# WORK REQUIRED:
What you return should match the data below exactly, with no pictures in it.

# INPUT RECORDS:

──────────

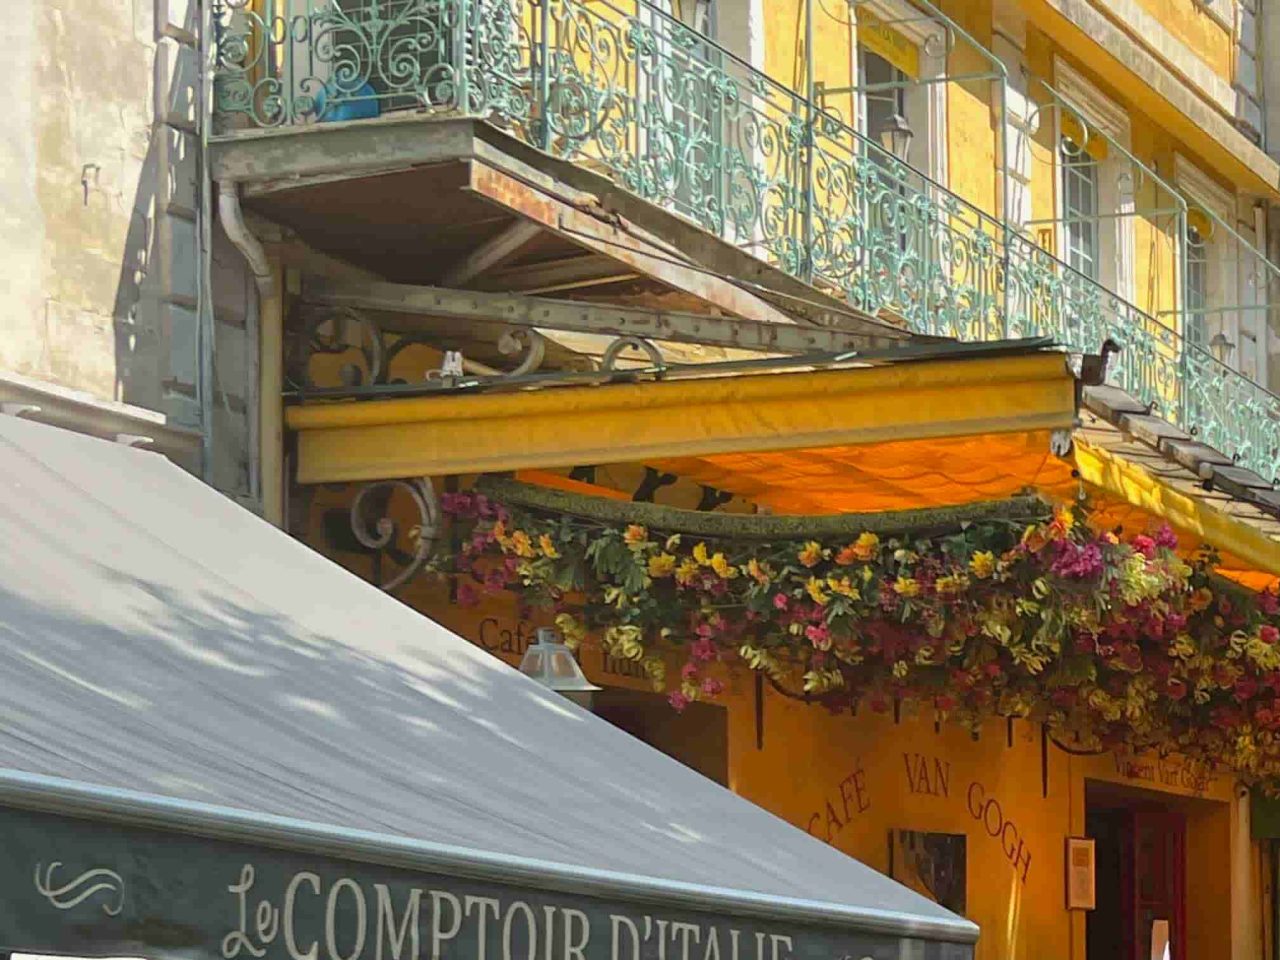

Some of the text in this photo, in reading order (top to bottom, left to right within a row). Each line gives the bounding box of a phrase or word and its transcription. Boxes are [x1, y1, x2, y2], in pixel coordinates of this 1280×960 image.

[904, 752, 950, 798] VAN
[967, 782, 1032, 884] GOGH
[222, 863, 279, 959] Le
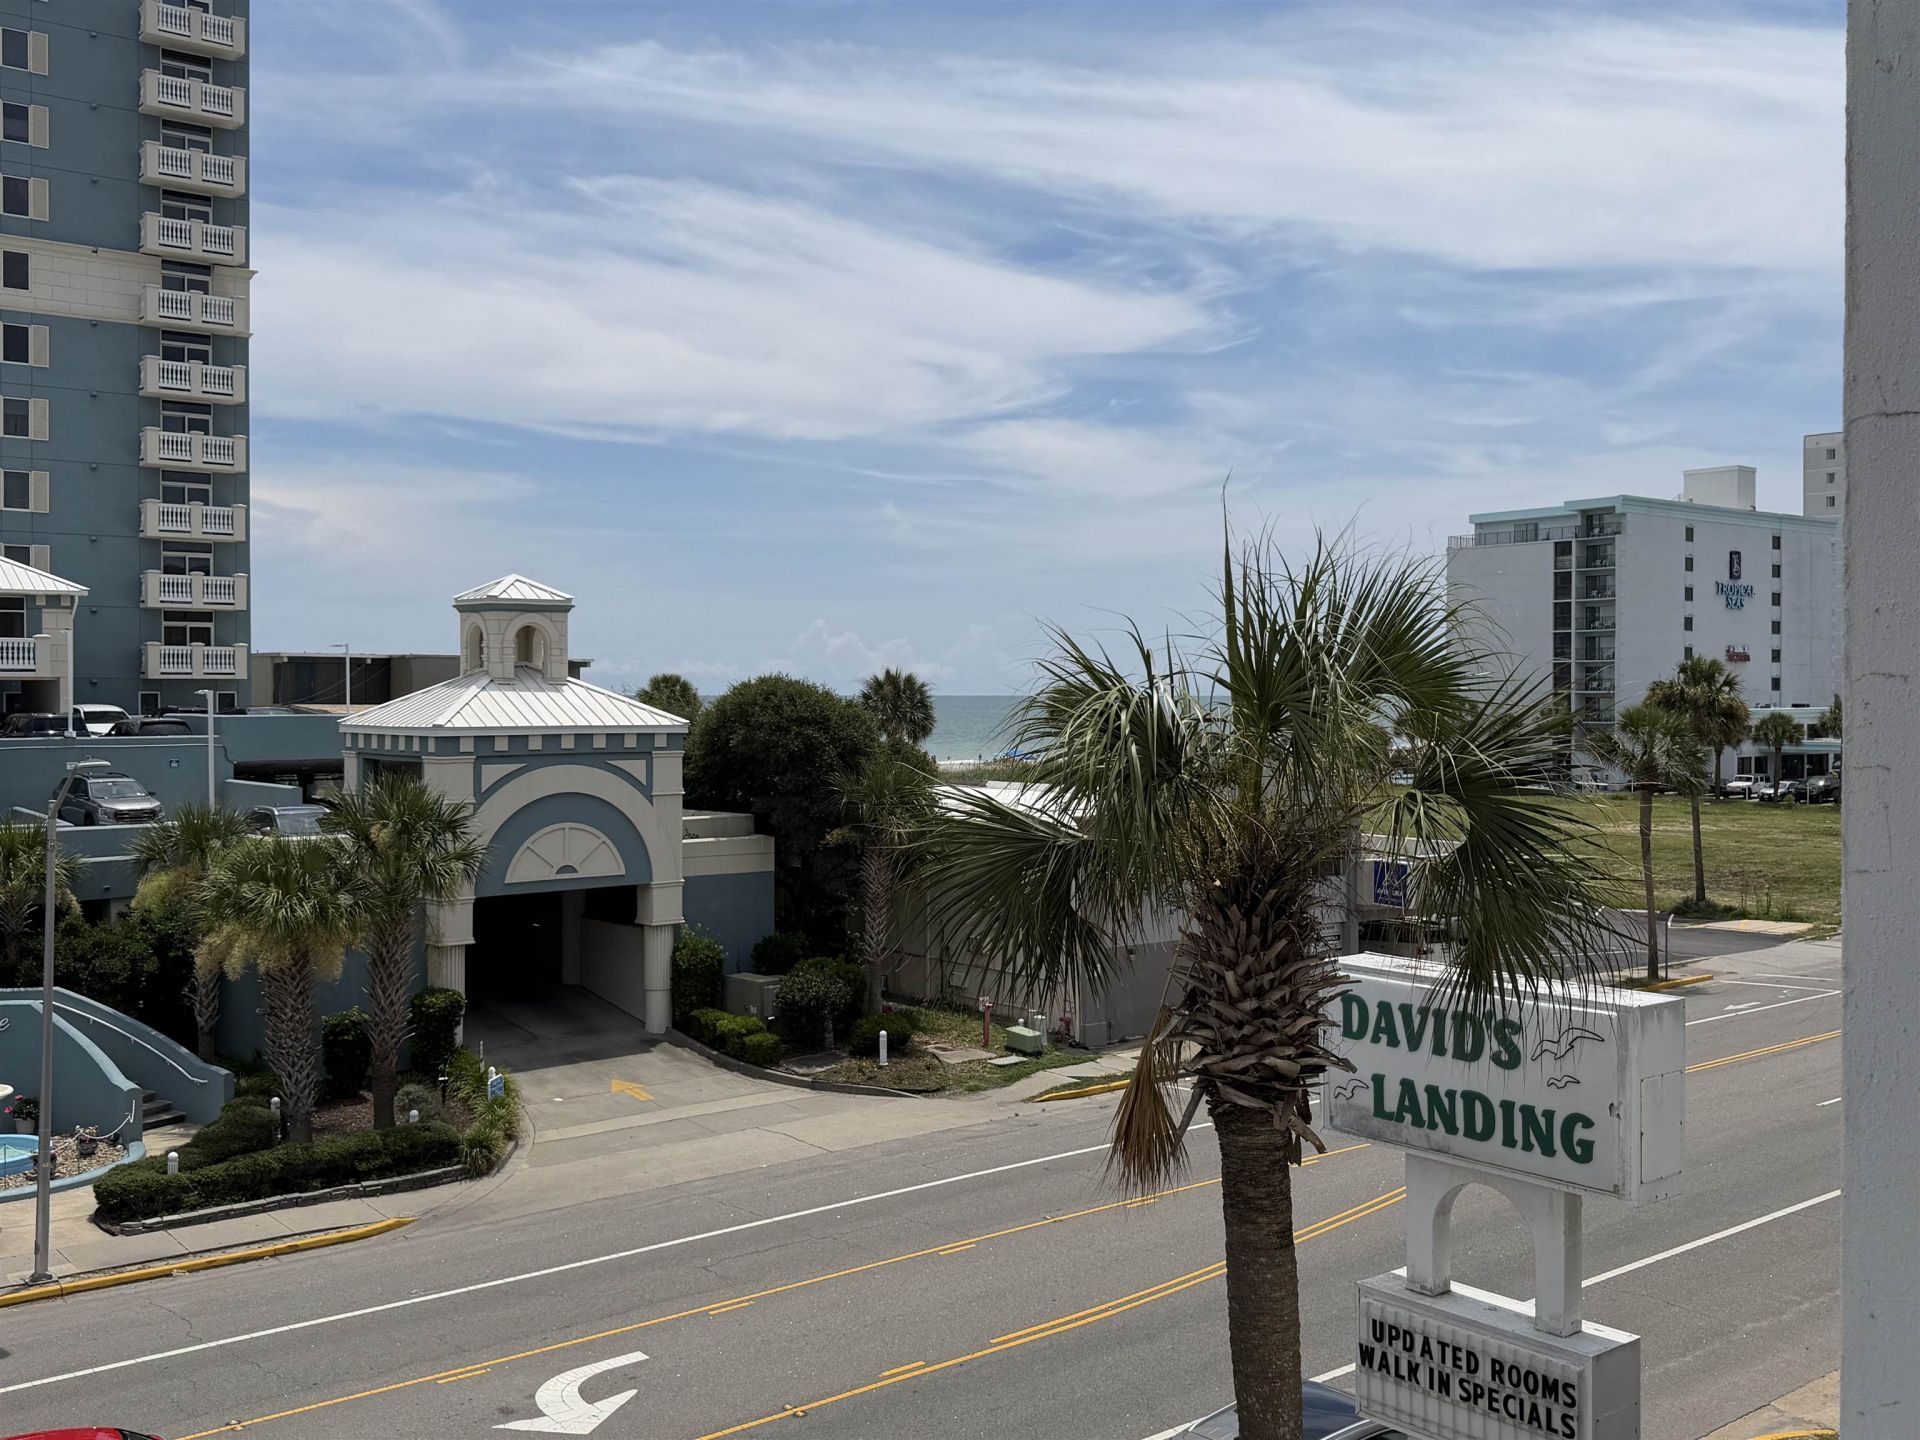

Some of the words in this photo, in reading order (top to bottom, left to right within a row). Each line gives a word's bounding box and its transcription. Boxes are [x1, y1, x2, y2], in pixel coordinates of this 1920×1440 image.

[1715, 582, 1756, 597] TROPICAL
[1340, 992, 1522, 1071] DAVID'S
[1371, 1073, 1596, 1165] LANDING
[1359, 1343, 1421, 1386] WALK
[1428, 1367, 1451, 1397] IN
[1458, 1378, 1577, 1440] SPECIALS
[1371, 1319, 1480, 1375] UPDATED
[1490, 1357, 1577, 1409] ROOMS
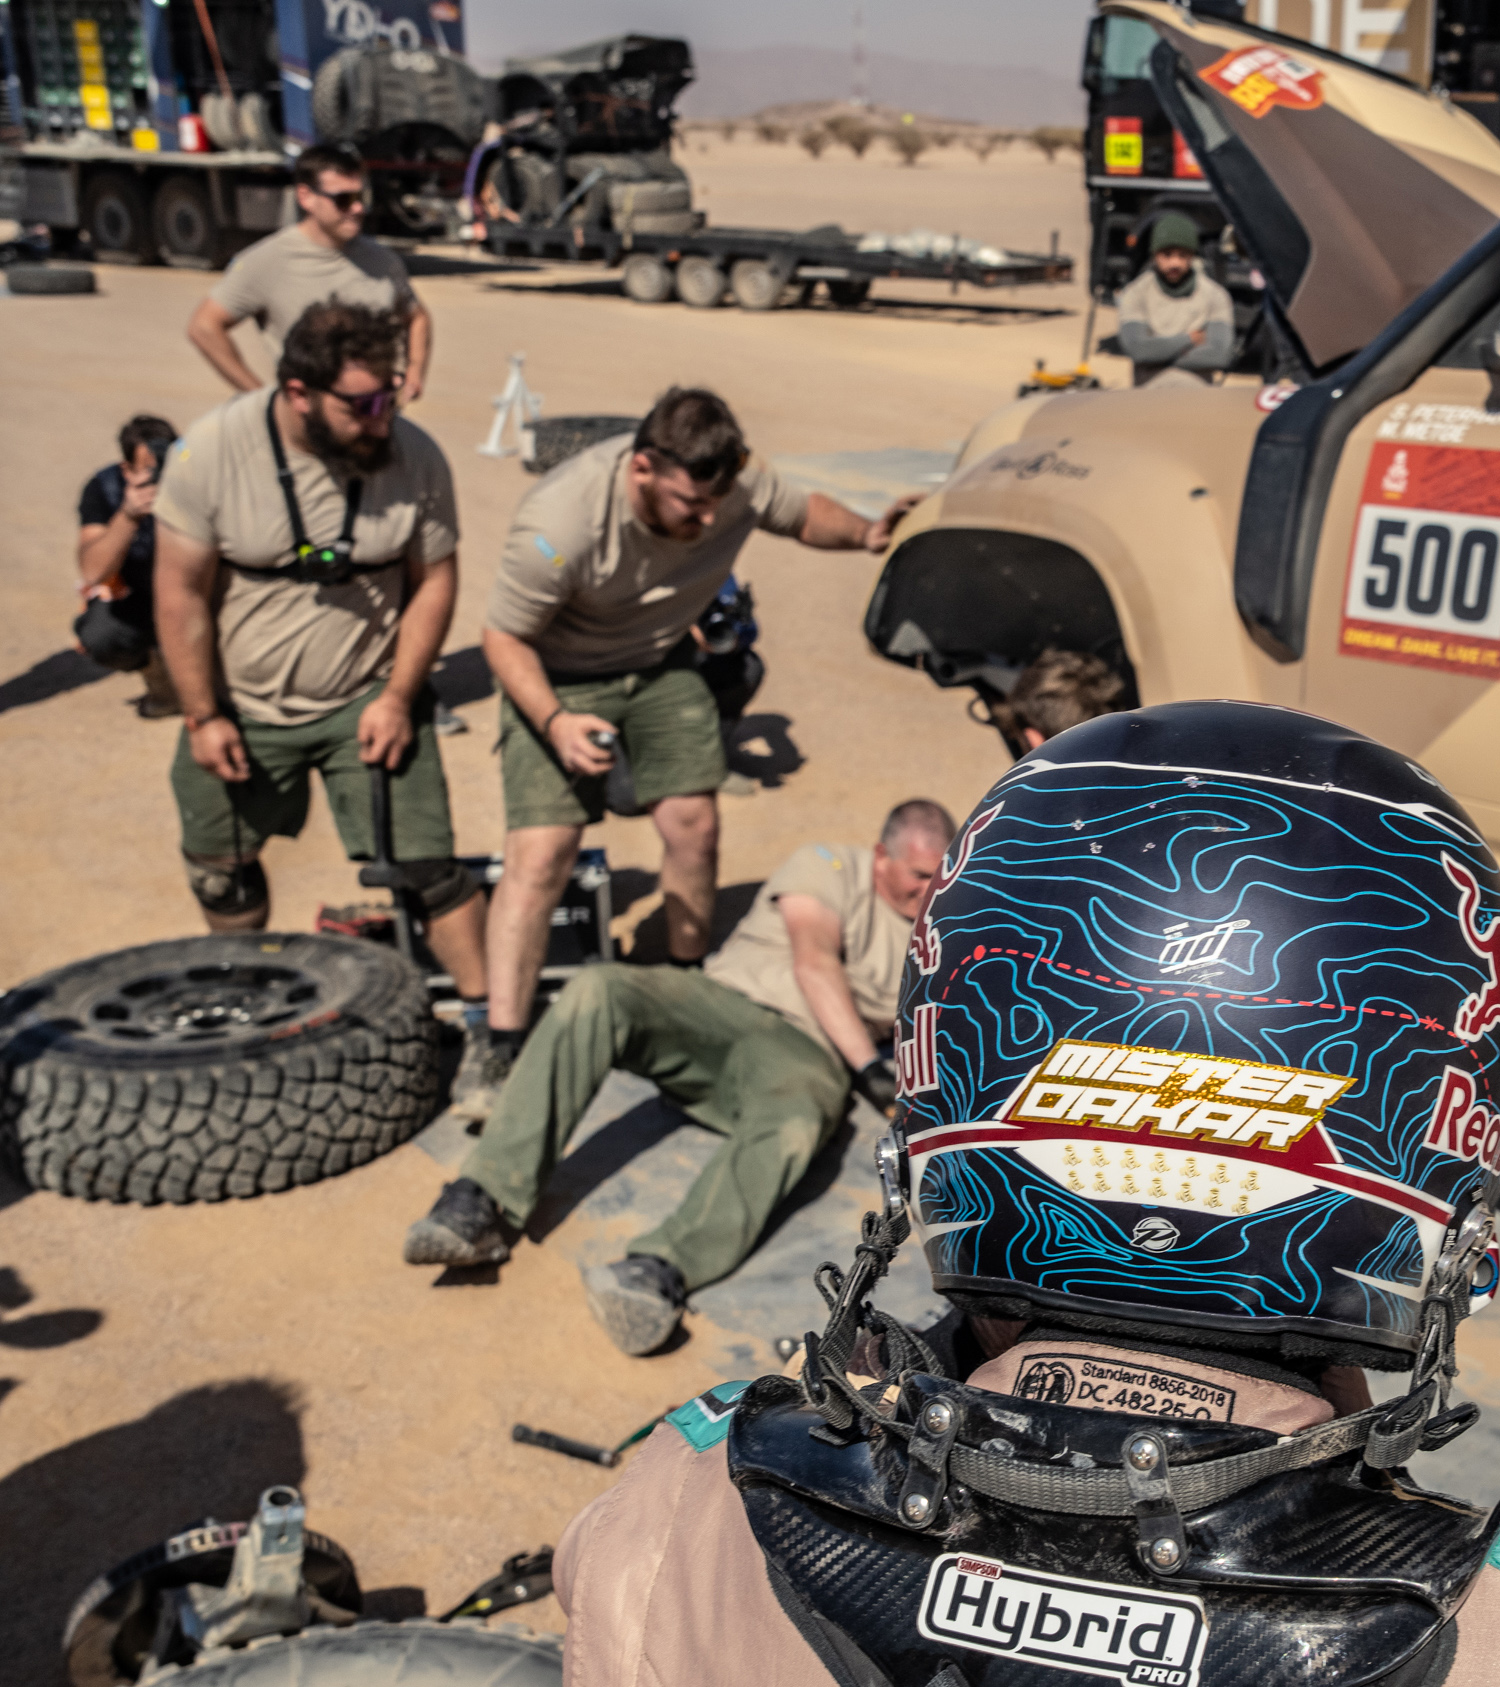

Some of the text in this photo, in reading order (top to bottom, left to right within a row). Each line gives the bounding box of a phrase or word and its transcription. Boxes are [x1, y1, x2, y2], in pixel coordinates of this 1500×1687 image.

──────────

# EXERCISE RESULT:
Some of the text in this photo, in reading order (top to bottom, left to right within a row). Each line gives the bounding box of a phrase or word and its transcription. Boxes are [x1, y1, x2, y2], in pixel coordinates of this 1280×960 image.

[904, 752, 950, 798] VAN
[967, 782, 1032, 884] GOGH
[222, 863, 279, 959] Le

Some of the words in this photo, in reading order (top to bottom, left to right within a row). Each line gives a word's bounding box and its transcription. Boxes are [x1, y1, x2, y2], in pixel coordinates of this 1920×1440 image.

[1715, 582, 1756, 597] TROPICAL
[1340, 992, 1522, 1071] DAVID'S
[1371, 1073, 1596, 1165] LANDING
[1359, 1343, 1421, 1386] WALK
[1428, 1367, 1451, 1397] IN
[1458, 1378, 1577, 1440] SPECIALS
[1371, 1319, 1480, 1375] UPDATED
[1490, 1357, 1577, 1409] ROOMS

Some of the text in this photo, in reading order (top to bottom, left to right within a row). Each line gives the bounding box of a phrase or word and its transcription. Boxes are [x1, y1, x2, y2], in pixel coordinates of this 1500×1687 image.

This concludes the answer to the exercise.